=== Task objective ===
In your copy of the entries, please include no pictures and return every word exactly.

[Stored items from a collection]
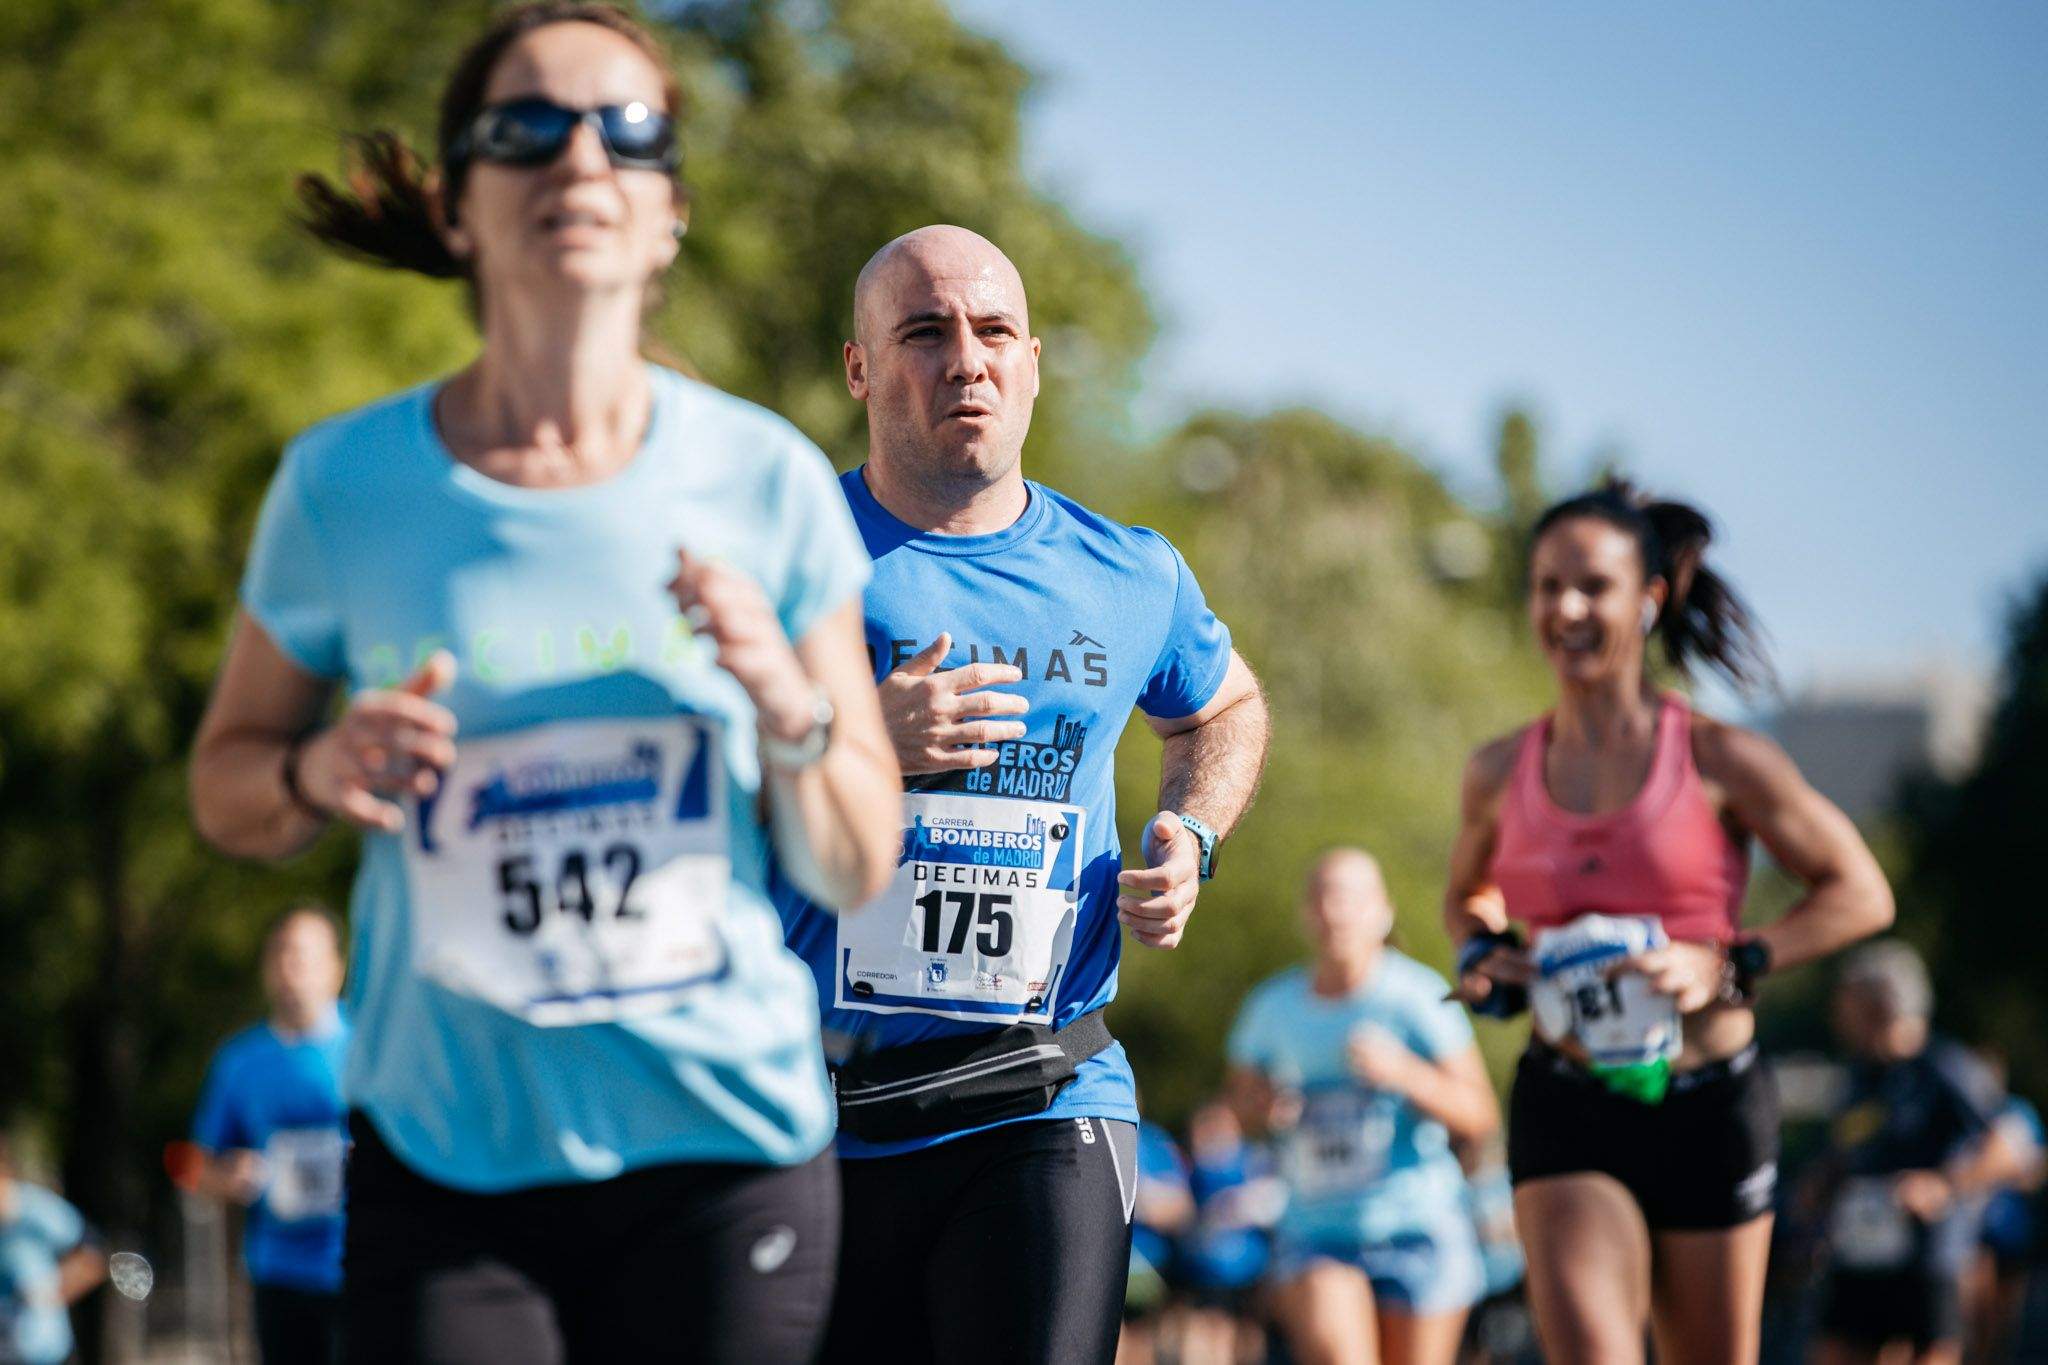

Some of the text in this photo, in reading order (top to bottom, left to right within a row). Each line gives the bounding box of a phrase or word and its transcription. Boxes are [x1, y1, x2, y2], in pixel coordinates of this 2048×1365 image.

[967, 768, 992, 791] de
[932, 818, 975, 827] CARRERA
[929, 828, 1042, 850] BOMBEROS
[973, 847, 1042, 867] de MADRID
[913, 865, 1038, 888] DECIMAS
[497, 844, 646, 937] 542
[915, 889, 1013, 958] 175
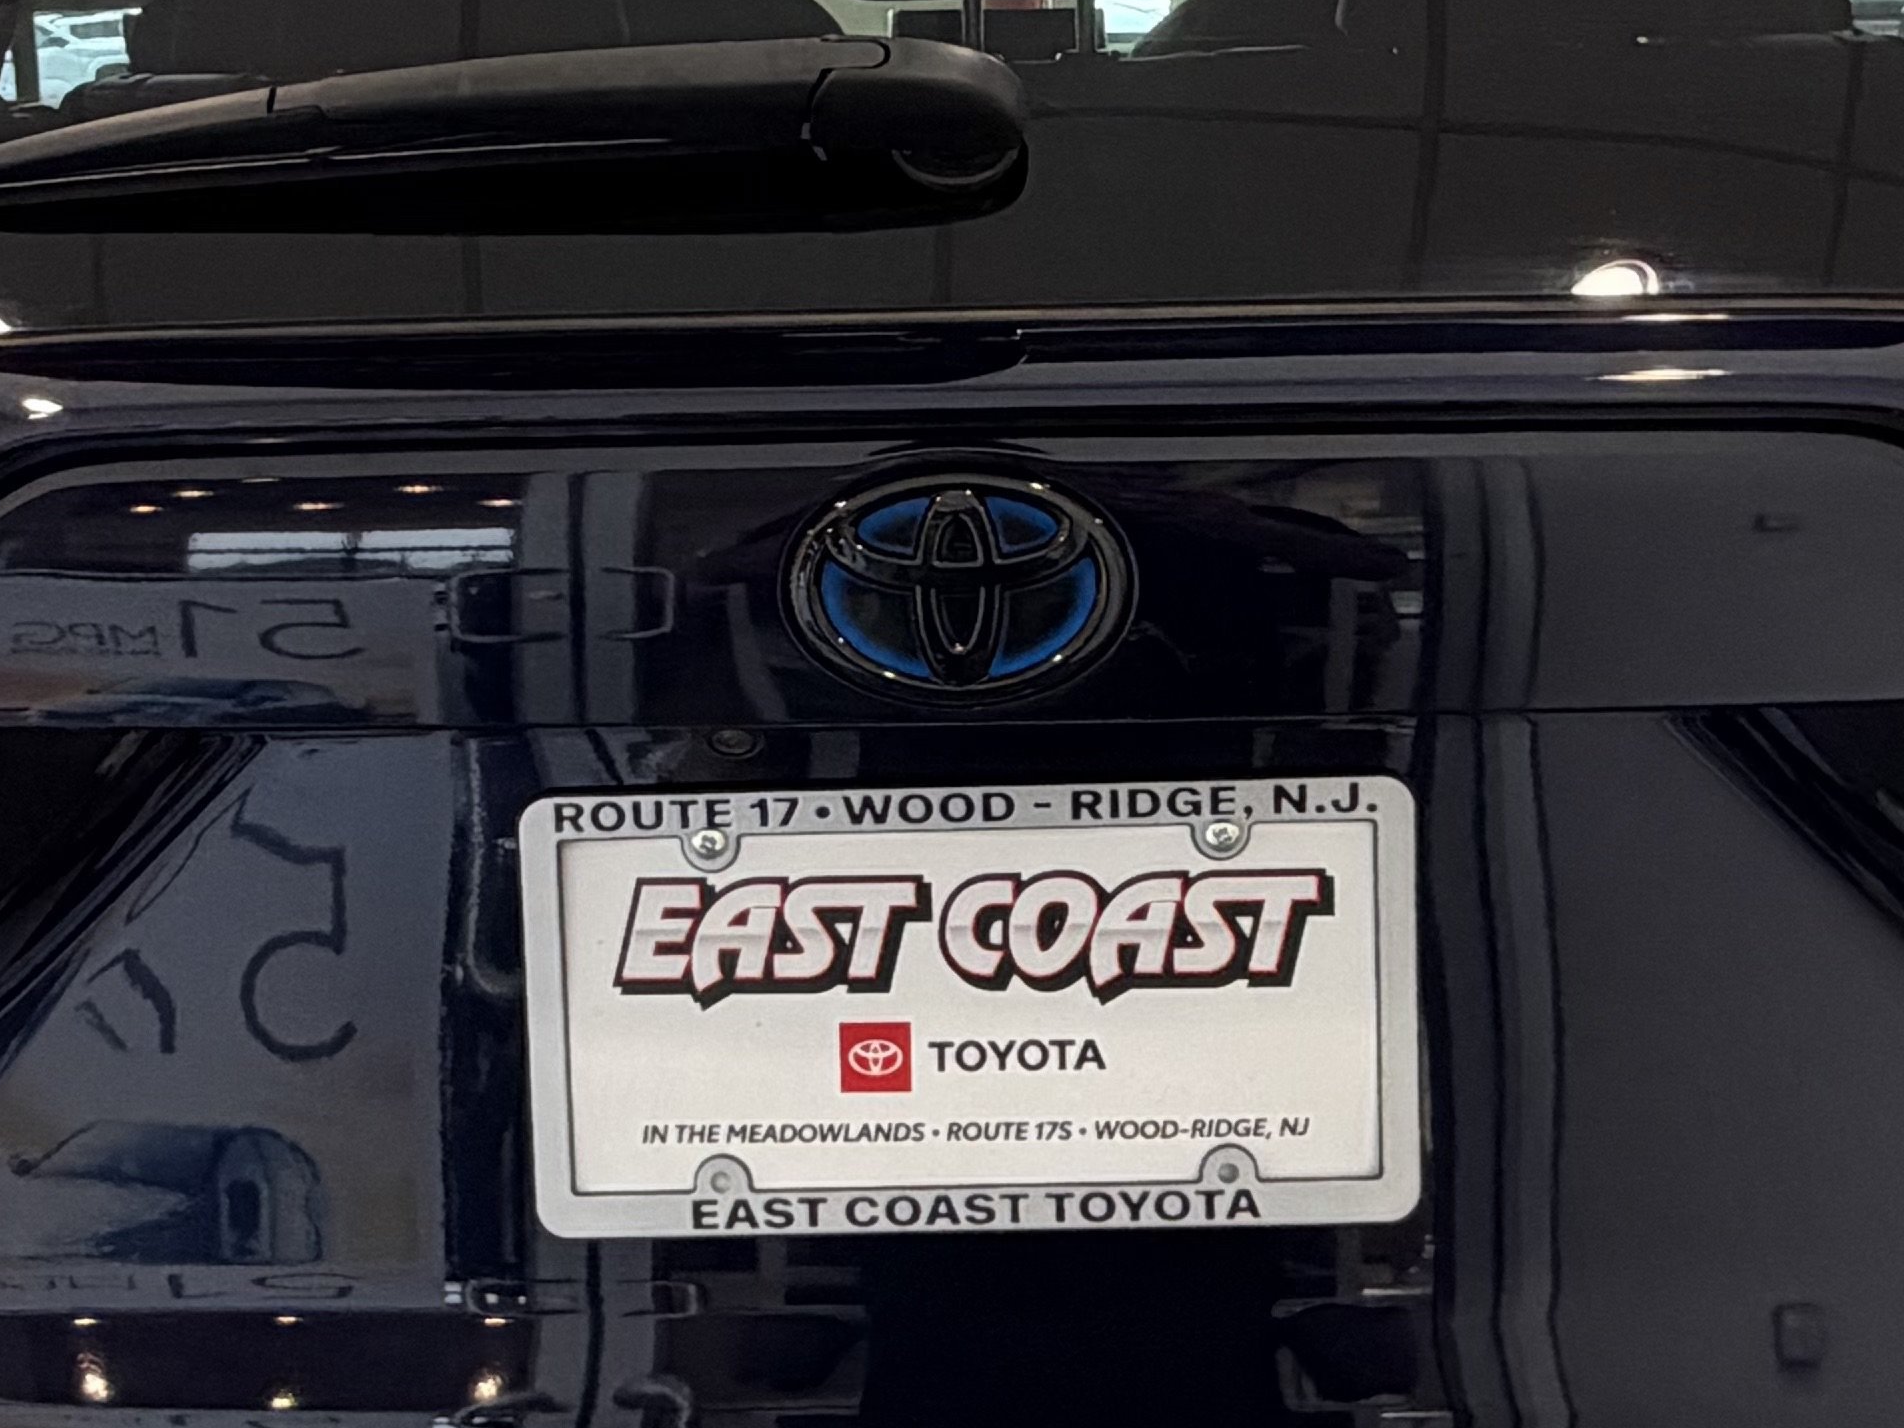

=== Solution to this exercise ===
Some of the text in this photo, in reading order (top to bottom, left to right within a row). Each line gives the bounding box of a phrase or word and its transcription. Boxes are [x1, y1, x2, y2], in pixel coordinates of this 2048×1365 image.

[967, 768, 992, 791] de
[932, 818, 975, 827] CARRERA
[929, 828, 1042, 850] BOMBEROS
[973, 847, 1042, 867] de MADRID
[913, 865, 1038, 888] DECIMAS
[497, 844, 646, 937] 542
[915, 889, 1013, 958] 175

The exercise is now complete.